Thursday, January 17 at 6:30pm
Jocelyn Szczepaniak-Gillece, Ph.D. Candidate, Northwestern
"The Monumental Screen: Perfect Vision, Disembodiment, and American Theatrical Architecture in the Era of Widescreen"
Matt Hauske, Ph.D. Candidate, U.Chicago
"The Western's New Horizons: Wide Screens, Big Canvases, and the Great Outdoors in the 1950s"
Respondent: Don Crafton, Notre Dame
Szczepaniak-Gillece describes her talk as follows:
Most histories of widescreen theorize that the expansive screens of the 1950s ushered in a moment of bodily immersion, where the spectator's entire physical form along with her eyes seemed swept up in the picture. This lecture will focus on other discourses of widescreen exhibition, where theatrical space and enormous screen were understood to work together to promote perfect disembodied vision. While a majority of exhibitors and promoters engaged primarily with sensation, others that I will focus on understood the gigantic screen as potentially empathically and psychically rather than bodily liberating. In this way, the architecture of widescreen in the American movie theater can be understood as material expressions of theories of the body's and the mind's proper place in aesthetic experience. By eliminating peripheral theatrical detail and moving the screen farther and farther into the space of reception, some screen and cinema designers sought to freeze spectators into their seats, struck dumb by the monumentality of the images filling the entirety of their line of sight.

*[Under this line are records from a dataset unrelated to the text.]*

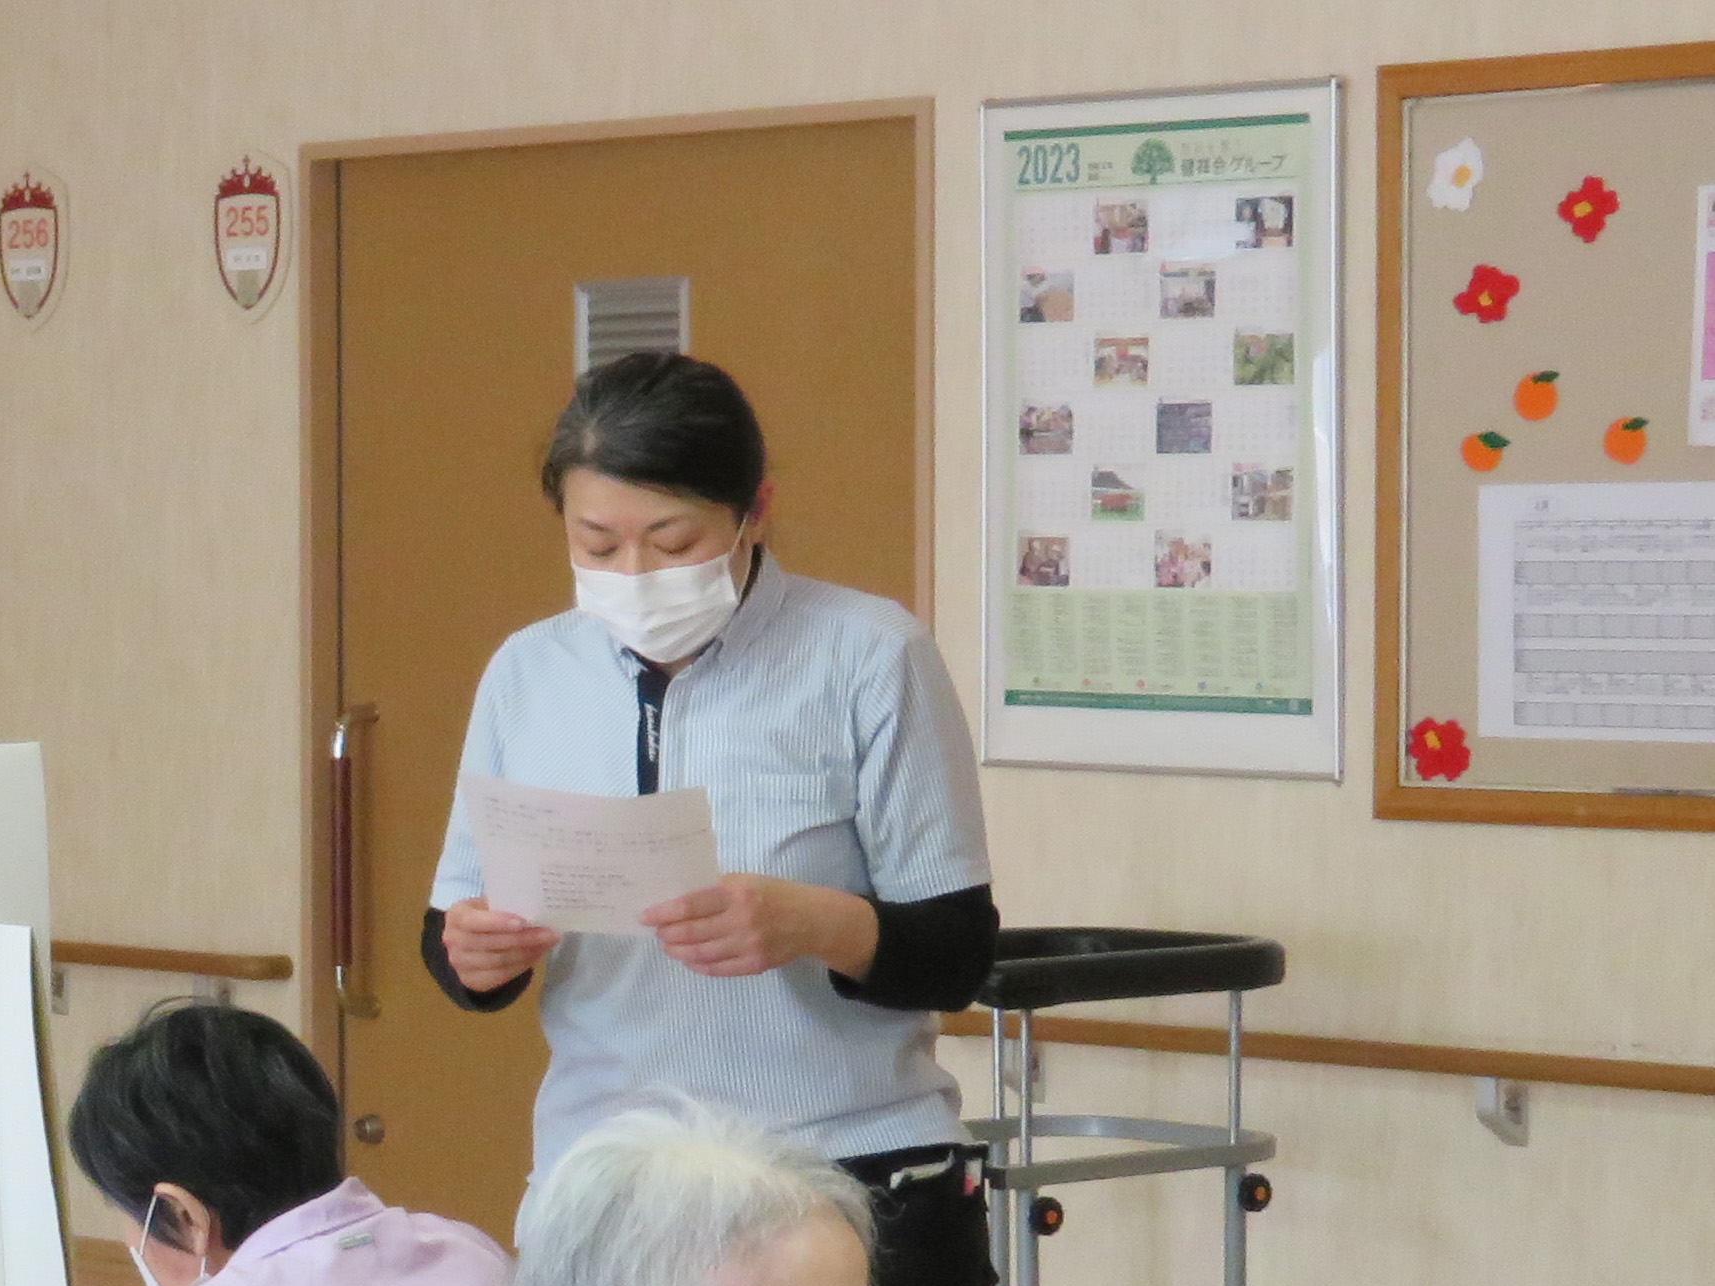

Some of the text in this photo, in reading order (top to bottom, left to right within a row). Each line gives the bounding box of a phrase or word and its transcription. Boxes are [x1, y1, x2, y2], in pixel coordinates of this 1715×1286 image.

[1017, 143, 1080, 184] 2023
[7, 218, 49, 250] 256
[225, 205, 270, 238] 255
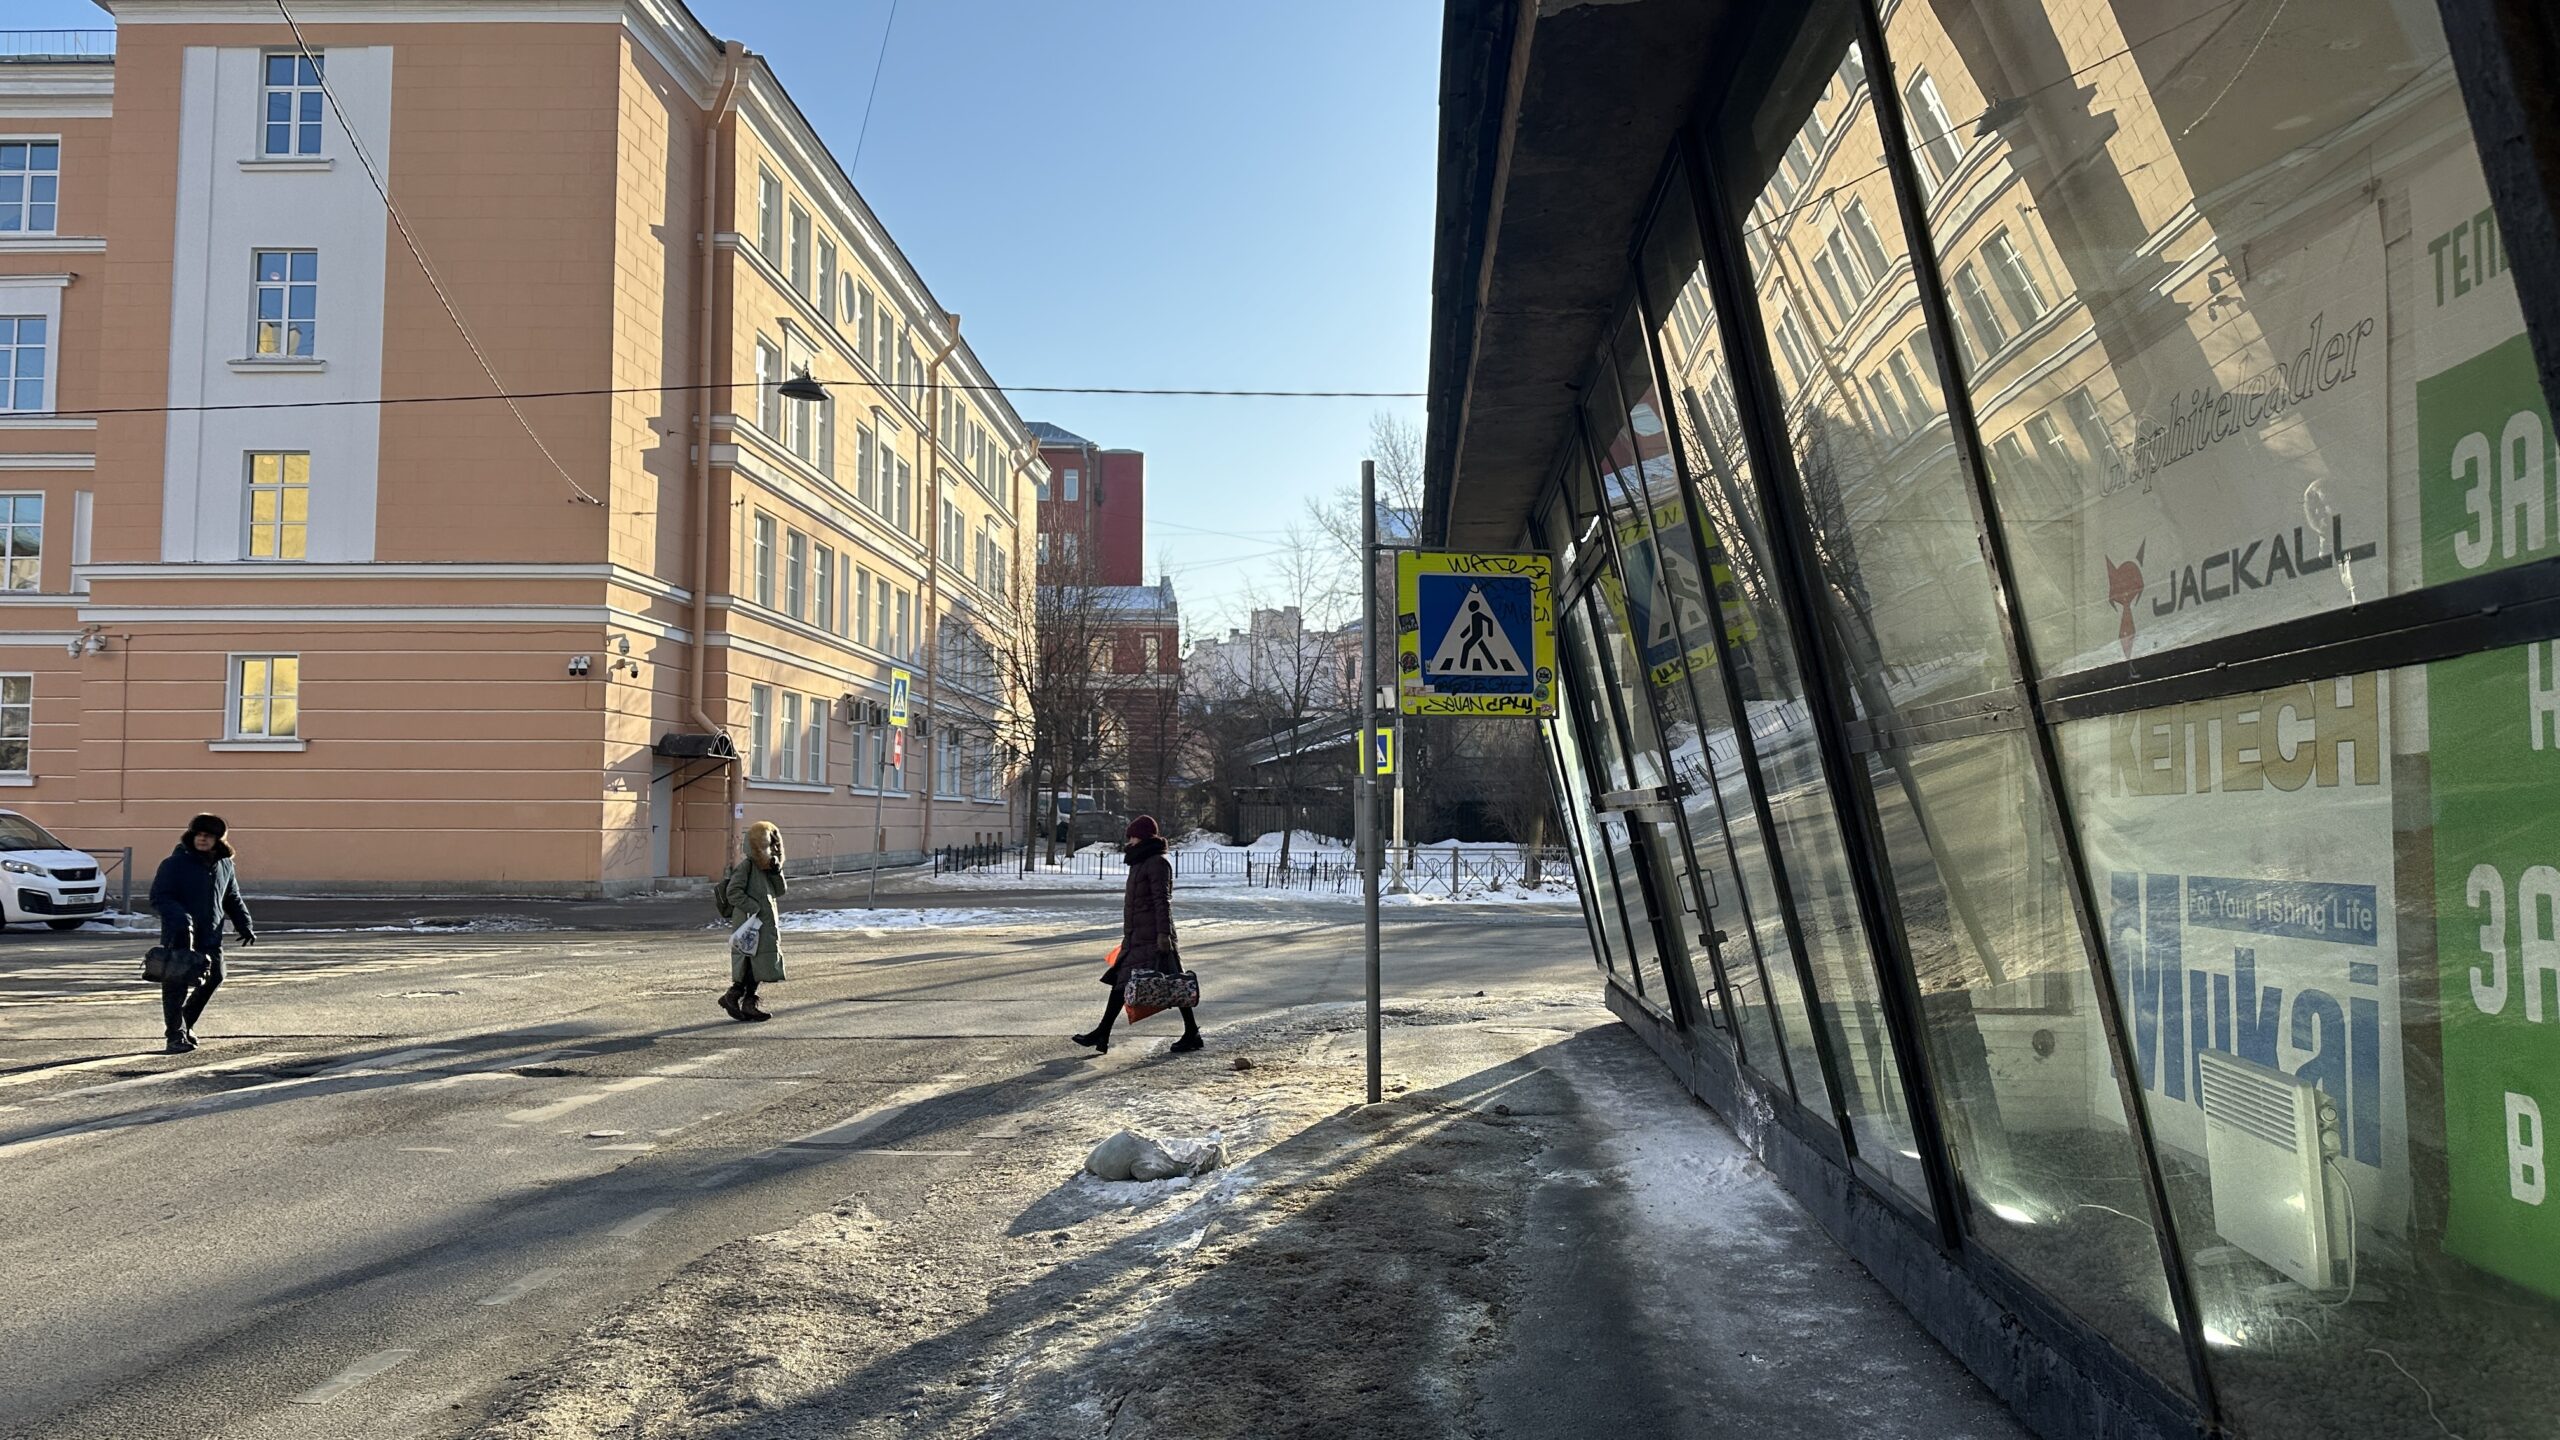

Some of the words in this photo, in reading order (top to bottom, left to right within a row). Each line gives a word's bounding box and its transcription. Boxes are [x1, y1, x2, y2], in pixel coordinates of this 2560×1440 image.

[2428, 204, 2510, 308] ТЕП
[2100, 311, 2374, 498] Graphiteleader
[2451, 409, 2560, 570] ЗА
[2152, 513, 2377, 618] JACKALL
[2109, 674, 2380, 798] KEITECH
[2189, 888, 2213, 916] For
[2216, 890, 2250, 918] Your
[2256, 893, 2326, 934] Fishing
[2333, 898, 2373, 932] Life

Hauske describes his talk as follows:
This paper addresses at the appeal of widescreen cinema processes in the
early 1950s via the western, a genre whose emphasis on landscape and action was
thought to especially suit it to the new screen dimensions. Mainly discussed as
a reaction to the economic and aesthetic threat of television, processes like
CinemaScope and VistaVision also tapped into, and reacted against, other leisure
practices that were increasingly popular among the growing, income-disposing
middle class. In the context of the western, these practices included a host of
"outdoor" activities, including camping, hiking, fishing, and water sports. The
immersive horizontality of widescreen westerns stood in for outdoor experiences
while simultaneously serving as promotions for them. This dual emphasis on
immersion and horizontality is indicative of a larger cultural environment
during the postwar years, one that focused on a break from the mundane reality
of the "organization man" and suburban conformity and that also includes the
loose program of Jackson Pollock's abstract expressionism.